Now, the mycotoxins themselves can also act as if they are hormones. The way they look, the body can say that they look like a little piece of estrogen, or that they look like testosterone, or that they look like a little piece of the thyroid. We call that molecular mimicry, so they can mimic hormones. For example, one of them that we check on in several of these tests that are available is called zearalenone. Zearalenone has been well known in animal husbandry for years and years and years as it causes miscarriages in fertility in cows, ruminants, pigs, and all that. The grains are tested for them because of how they are stored and fed to animals. Theoretically, they’re tested for us humans too. We theoretically should have lower concentrations in there. But that molecular mimicry piece can also act as if I’m a hormone, and we’ll see that a lot. Heavy bleeding and infertility issues occur in early puberty and in young cows who have a lot of zearalenone exposure, which we call molecular mimicry. If you have the HPA axis thing, you have the molecular mimicry that acts on that piece. If you get this, the hypothalamus and pituitary are inflamed and irritated all the time, and that sends a distress signal to the rest of the body. It can get you stuck in anxiety loops, and inflammation in the brain can trigger that.

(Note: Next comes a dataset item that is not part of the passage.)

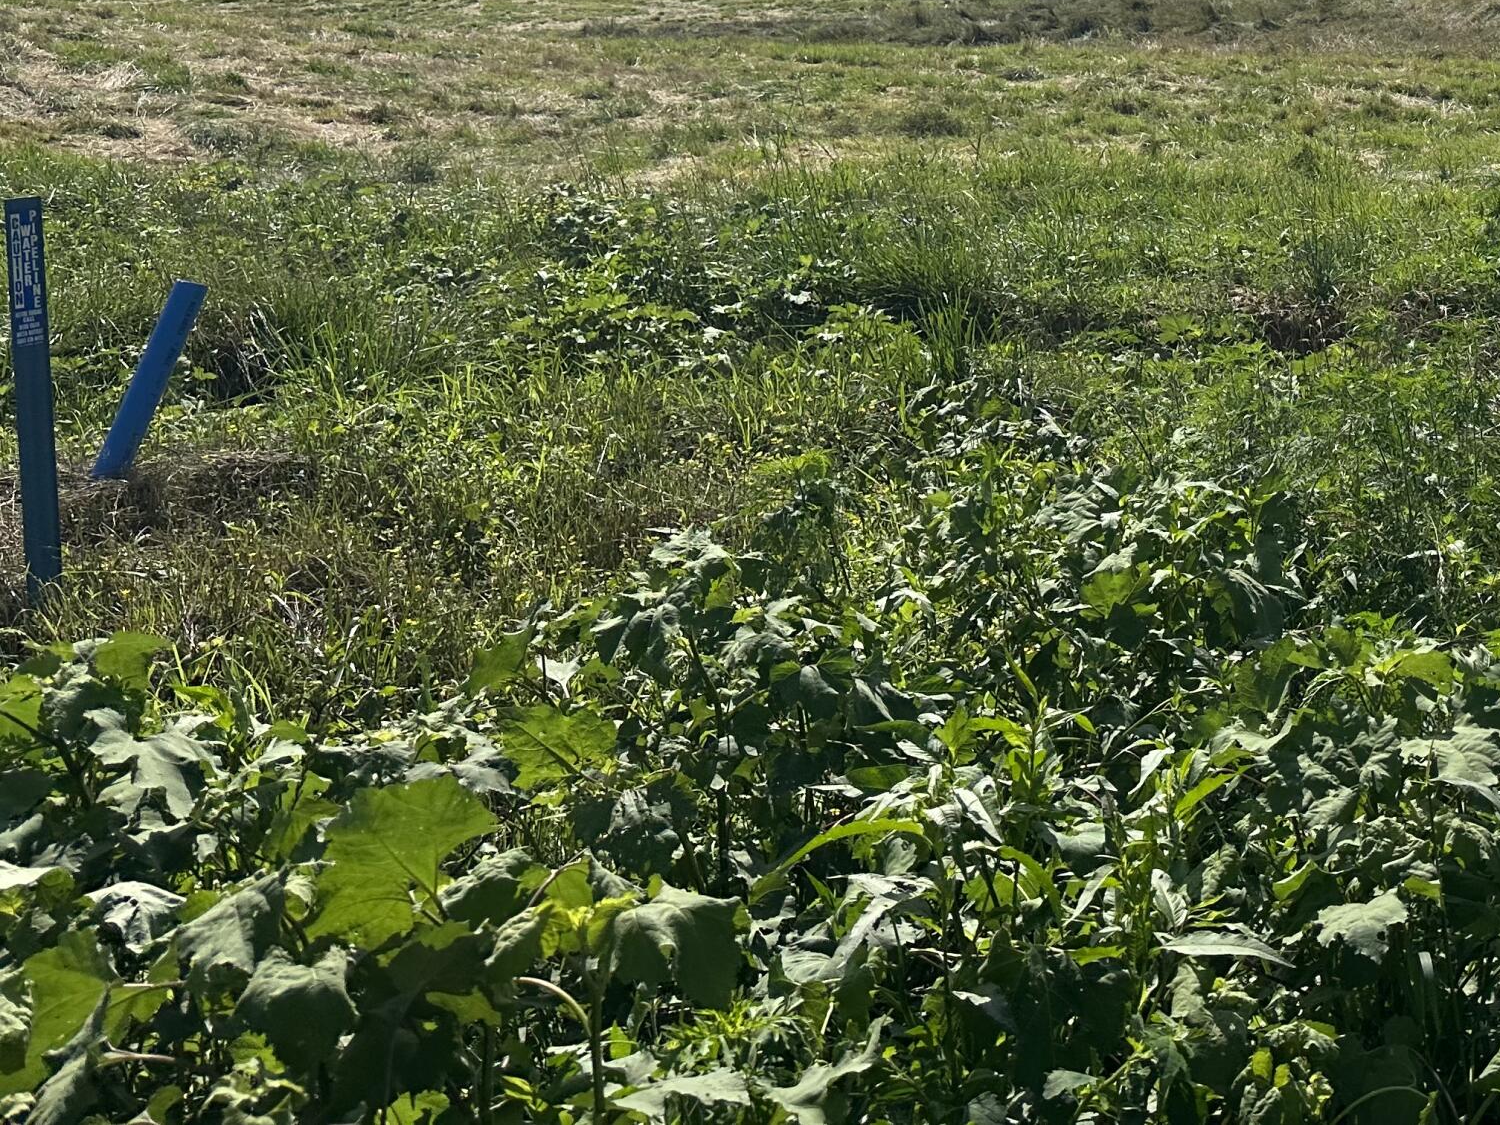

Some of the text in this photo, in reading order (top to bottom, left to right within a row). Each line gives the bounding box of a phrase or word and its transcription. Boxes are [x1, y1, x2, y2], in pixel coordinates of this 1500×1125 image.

[11, 216, 24, 307] CAUTION
[20, 225, 32, 287] WATER
[29, 210, 41, 308] PIPELINE

You’re breathing in the mycotoxins themselves. They go into your lungs from your lungs as they get into your bloodstream, and from the bloodstream, they dump into the liver, and then from the liver into the gut. You can have the mycotoxins, which are toxic to the gut lining themselves. Again, they’re toxic to those cell membranes. It can disrupt or contribute to disrupting gut function, and then I did mention that there is an immune system component that the mycotoxins have. Because they are mitochondrial irritants, they can damage your mitochondria, inflame them, the mitochondria, and the cells, and spill out their contents when they’re damaged. That’s part of what triggers a whole autoimmune response. There are a lot of autoimmune issues that can be triggered by them. There are also just direct immunosuppressive Those are all the different ways that mycotoxins can disrupt hormonal function. The production or utilization of some membrane receptors: how good are the receptors, and how well does the body discard them once they’re using them? All of that can be impacted.

 

Ann Shippy, MD

A great overview. After listening to that, you’re like, I just don’t want any of those mycotoxins coming near me.

 

Margaret Christensen, MD

Not just mycotoxins, because it’s environmental toxins in general. You and I know it’s our total toxic burden. For some people, it doesn’t take a lot of mold exposure to create a problem. It’s because they’re toxic. But it is also already full. They’ve been on years of antibiotics. They’ve been taking proton pump inhibitors like Nexium or Pepcid for years and years, which is terrible for you and terrible for your gut flora. All these different pieces can impact how well your body can deal with whatever you’re exposed to. We know that some toxins in particular also disrupt some of the enzymes that are involved in getting them out of your body, like the glutathione enzymes.

 

Ann Shippy, MD

This is great. Such a wonderful overview. It’s easy to understand, at least that it’s very complex, and that’s for many different aspects of function physiology. You mentioned that you wanted to come back to a little bit more on thyroid. Is this a good time to do that? 

 

Margaret Christensen, MD

There are a couple of mycotoxins that can again look like or act like thyroid function, or they look like thyroid hormones. A lot of our colleagues don’t even understand that the role of thyroid hormone in the body is actually to tell your mitochondria to make some energy. That’s why thyroid hormone is associated with energy production. But if your mitochondria are damaged and you just start throwing thyroid hormone at somebody, you can create more mitochondrial damage. It’s important to nourish the thyroid gland and all the things that the thyroid needs: selenium, chromium, zinc, and all that. If you’ve got a lot of gut disruption and you’re not absorbing those nutrients, we have people do electrolyte mineral drinks or, take, extra minerals, Celtic sea salt, things like that. Thyroid hormone function is also directly related to your stress level. So your cortisol and adrenaline are the two major stress hormones, both of which can impact how well your thyroid is working. If you’ve got autoimmunity against your thyroid, it’s Hashimoto’s or Inter-Graves disease. That’s where your own body is attacking your thyroid tissue.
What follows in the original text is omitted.